As farmers plan for 2015 planting season many are concerned that low yield history will limit insurance coverage and ability to secure financing.
As farmers prepare to plant winter wheat in a few weeks and begin making plans for spring crops they also begin adjusting to a farm law that’s radically different from any program they’ve ever used.
The Agriculture Act of 2014 replaces direct and counter cyclical payments that have been the warp and weave of farm safety nets for decades with a new program that relies on crop insurance to cover losses.
Farmers sacrificed a lot of security to achieve the best program they could get in an environment of budget cutting and reluctance to compromise in Congress.
Farmers also come into the 2015 planting season still struggling to recover from devastating drought, floods and cold injury over the past few years. Southwest farmers, particularly, prepare for spring planting after suffering through almost four years of the worst drought most had ever witnessed.
Those disasters had the immediate effect of limiting farm revenue, for several years in many cases. Countless producers would not have survived without crop insurance. A longer-term impact, however, may be equally debilitating to farm stability. Those disaster years eroded farmers’ yield history, on which insurance coverage and premiums are based.

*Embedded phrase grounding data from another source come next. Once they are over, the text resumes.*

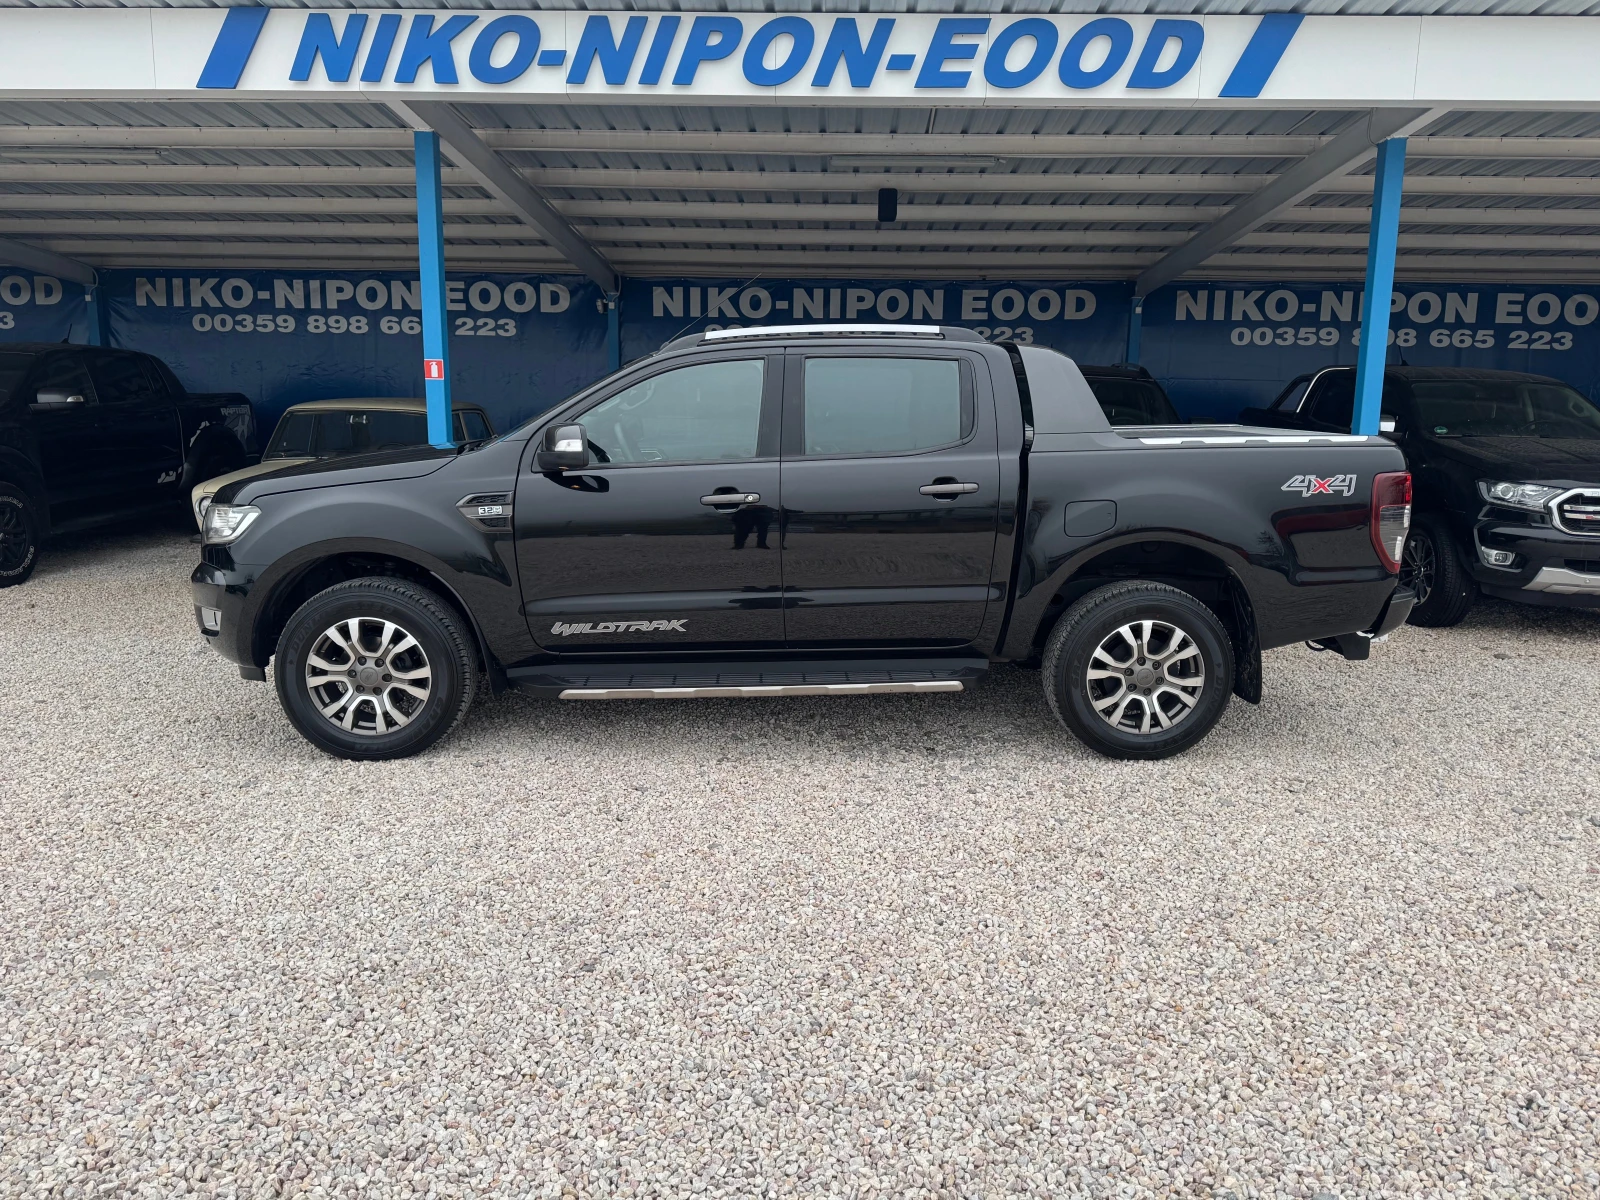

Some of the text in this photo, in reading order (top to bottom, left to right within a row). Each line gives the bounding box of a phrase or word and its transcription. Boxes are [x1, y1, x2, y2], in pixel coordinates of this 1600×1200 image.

[289, 13, 1204, 89] NIKO-NIPON-EOOD
[135, 277, 571, 313] NIKO-NIPON EOOD
[652, 286, 1097, 321] NIKO-NIPON EOOD
[192, 313, 517, 337] 00359 898 66 223
[1230, 327, 1340, 346] 00359
[1429, 329, 1495, 348] 665
[1507, 330, 1574, 350] 223
[551, 619, 689, 637] WILDTRAK
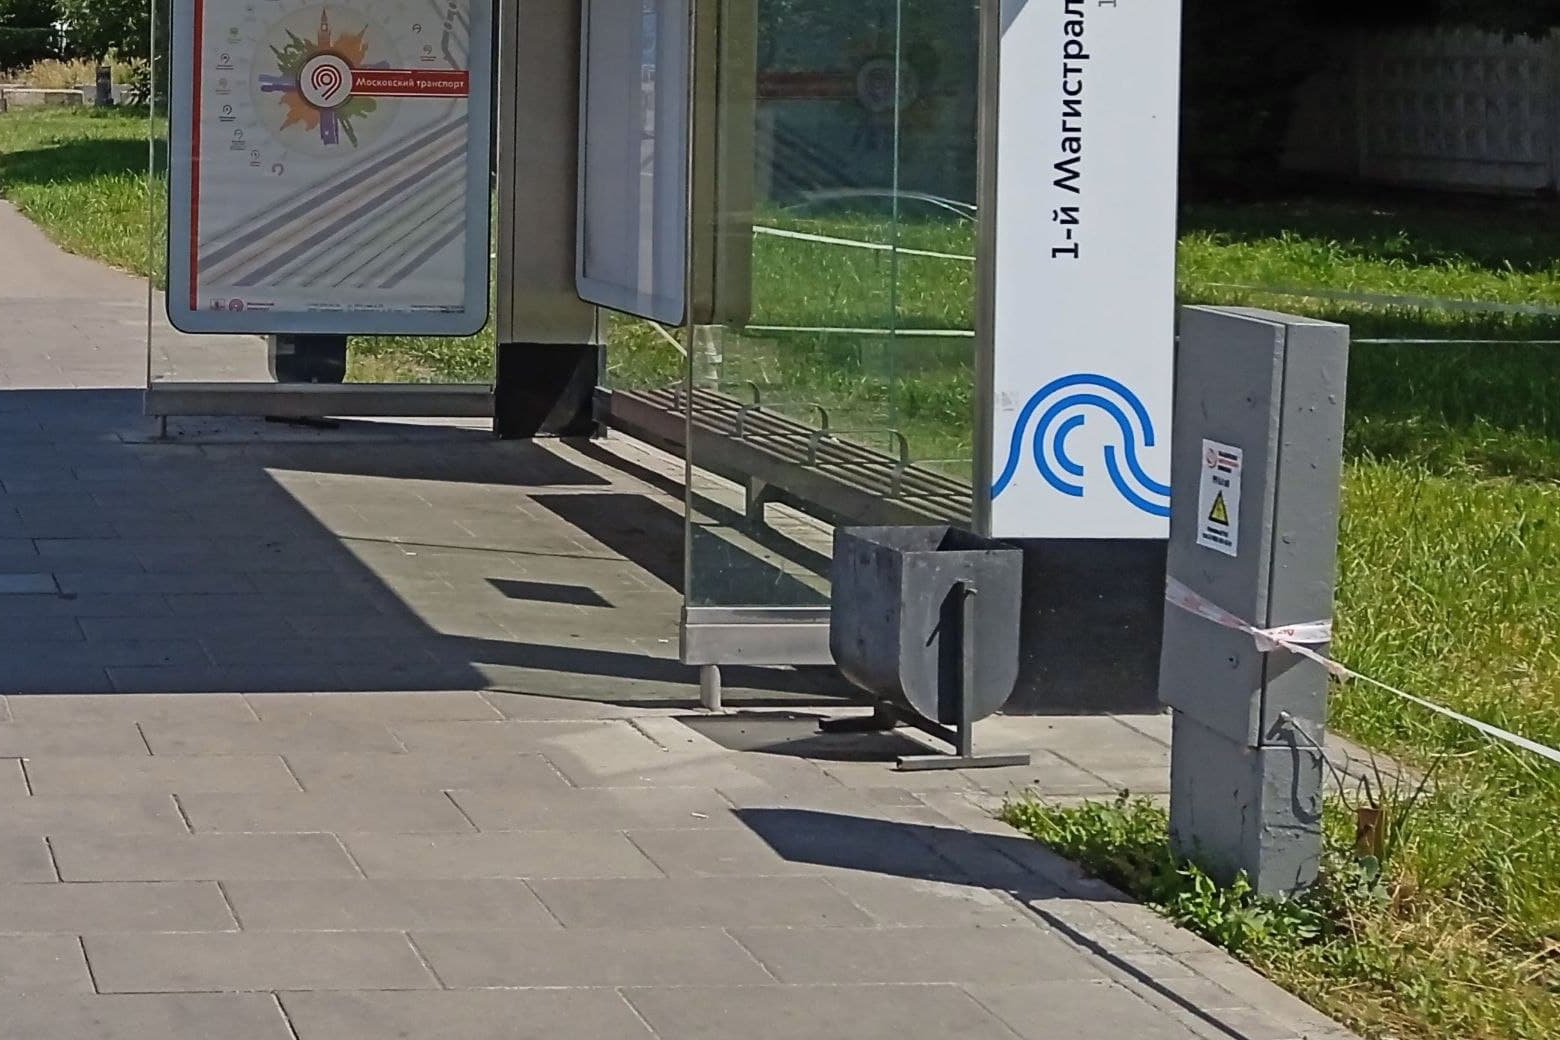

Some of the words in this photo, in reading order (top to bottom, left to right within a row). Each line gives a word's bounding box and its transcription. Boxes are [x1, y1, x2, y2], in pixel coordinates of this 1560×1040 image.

With crop insurance now the basis of loss protection, the lower yield history presents a financial hardship to many produces. A provision, the actual production history (APH) adjustment included in the farm bill, addresses this issue by allowing producers to “exclude any year from their insurable production (APH) if the county’s yield per planted acre for the crop in that year is at least 50 percent below the previous 10-year average of the yield per planted acre for the crop in the county. This also applies to contiguous counties and allows for the separation of irrigated and non-irrigated acres.”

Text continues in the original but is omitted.